■ TASK DIRECTIONS
Could you print the stretch of lines below from the one with "this 1125×1500 image." through the one with "this 2048×1536 image.", exactly as they stand and without any pictures?
EXCERPTED DATA START
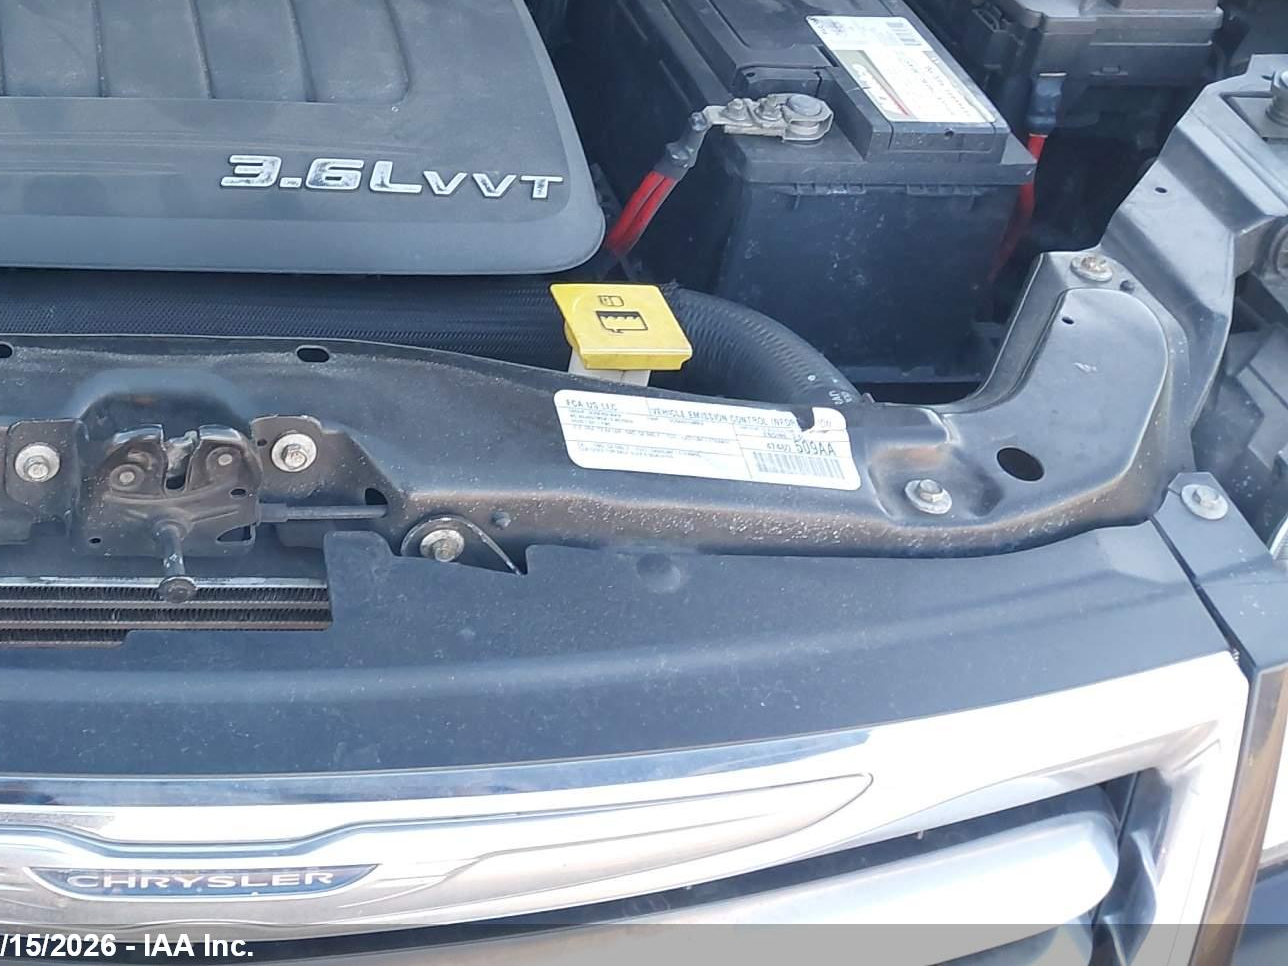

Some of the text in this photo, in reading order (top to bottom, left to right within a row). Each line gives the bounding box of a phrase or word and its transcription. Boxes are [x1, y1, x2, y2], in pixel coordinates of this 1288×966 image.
EXCERPTED DATA END
EXCERPTED DATA START
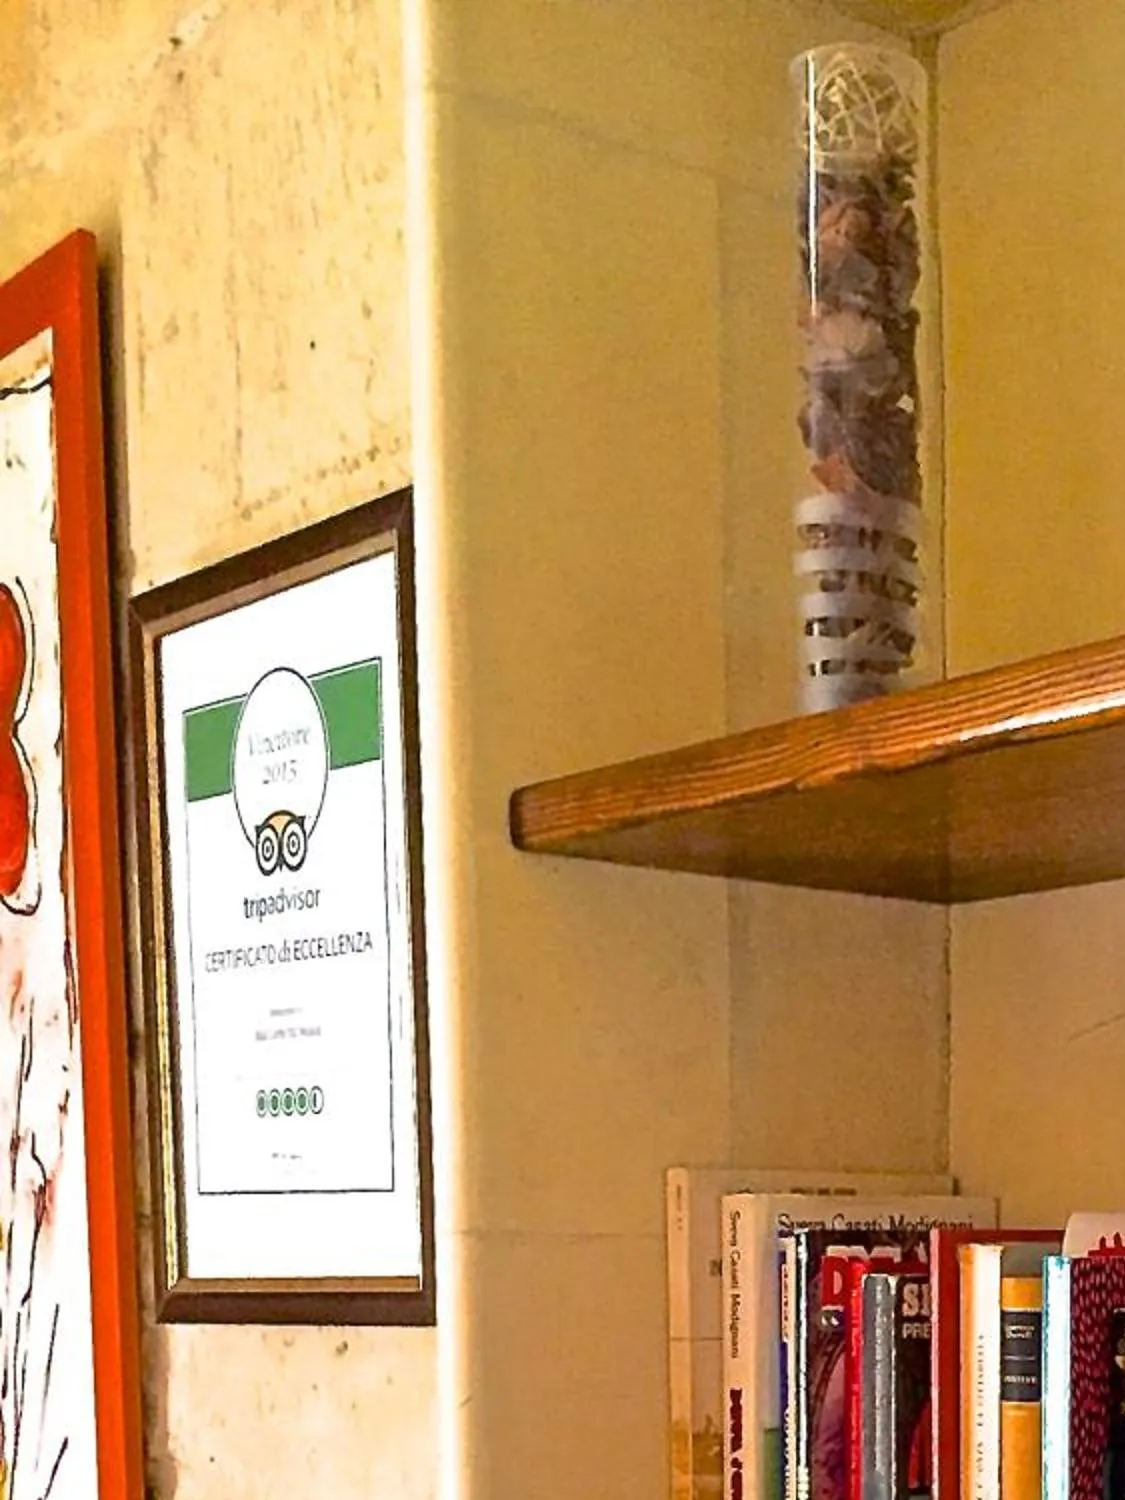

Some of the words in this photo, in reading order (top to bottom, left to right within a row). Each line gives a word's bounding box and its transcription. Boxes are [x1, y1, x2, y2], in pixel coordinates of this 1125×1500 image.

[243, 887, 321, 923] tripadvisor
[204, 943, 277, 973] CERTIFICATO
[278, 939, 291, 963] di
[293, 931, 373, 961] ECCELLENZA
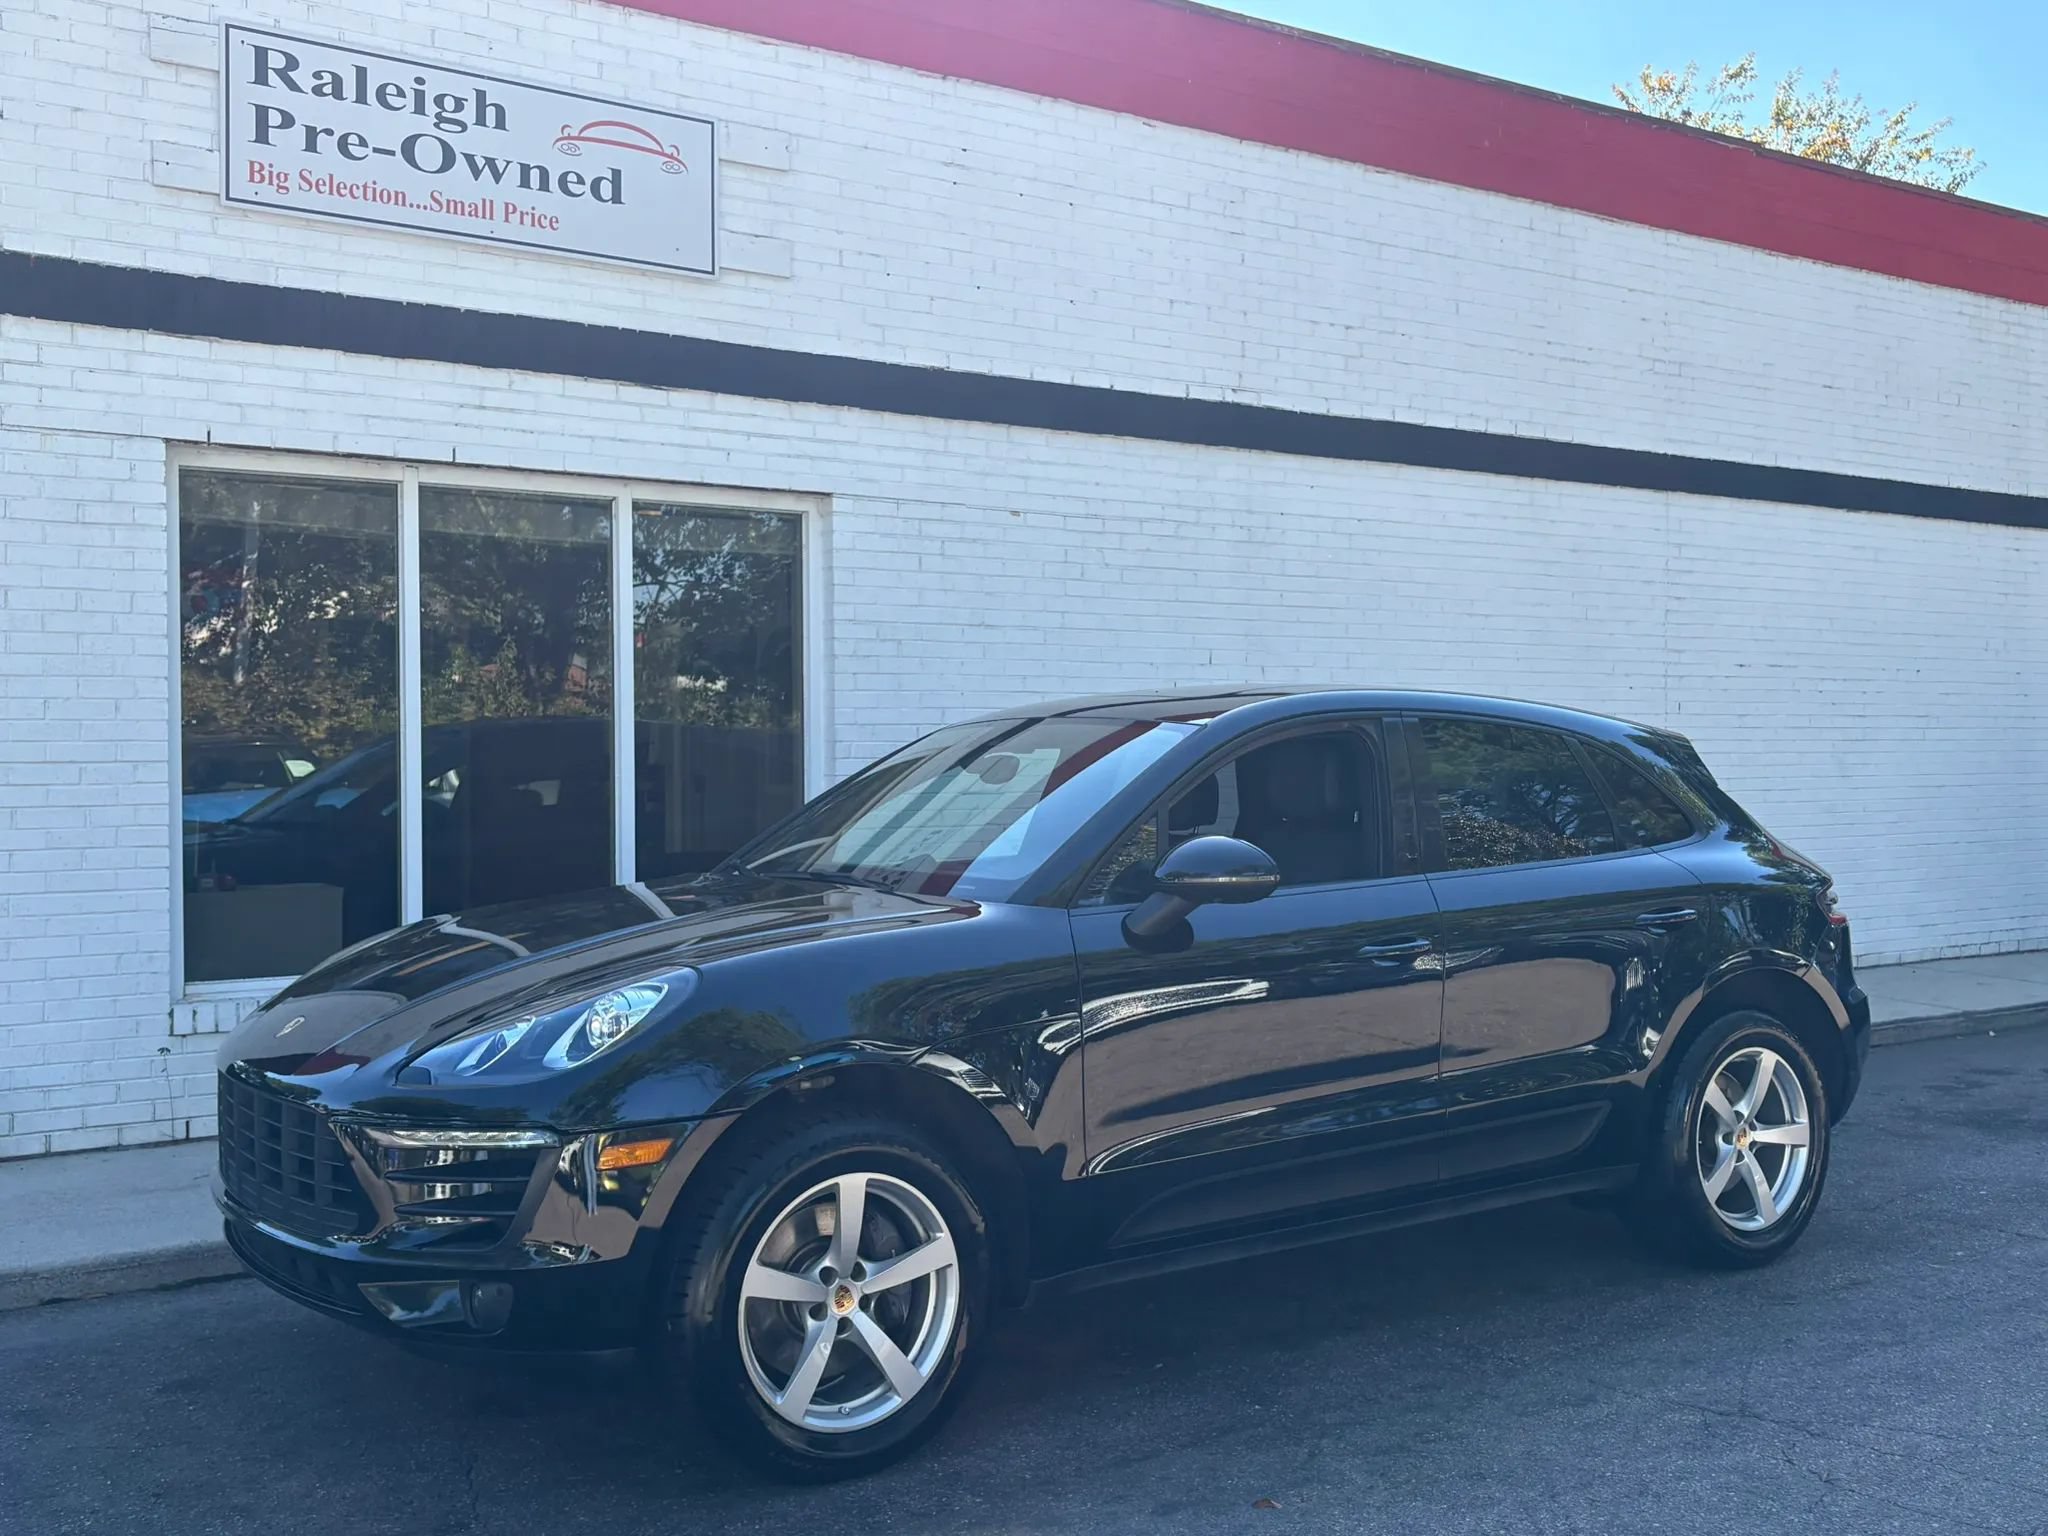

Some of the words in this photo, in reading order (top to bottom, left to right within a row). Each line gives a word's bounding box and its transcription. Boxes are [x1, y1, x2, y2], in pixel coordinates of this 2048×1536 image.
EXCERPTED DATA END
■ EXERCISE ANSWER
Some of the words in this photo, in reading order (top to bottom, left to right within a row). Each line gives a word's bounding box and its transcription. Boxes are [x1, y1, x2, y2], in pixel coordinates of this 1125×1500 image.

[243, 887, 321, 923] tripadvisor
[204, 943, 277, 973] CERTIFICATO
[278, 939, 291, 963] di
[293, 931, 373, 961] ECCELLENZA

Some of the words in this photo, in reading order (top to bottom, left to right within a row). Each line gives a word's bounding box and its transcription. Boxes are [x1, y1, x2, y2], in pixel coordinates of this 2048×1536 image.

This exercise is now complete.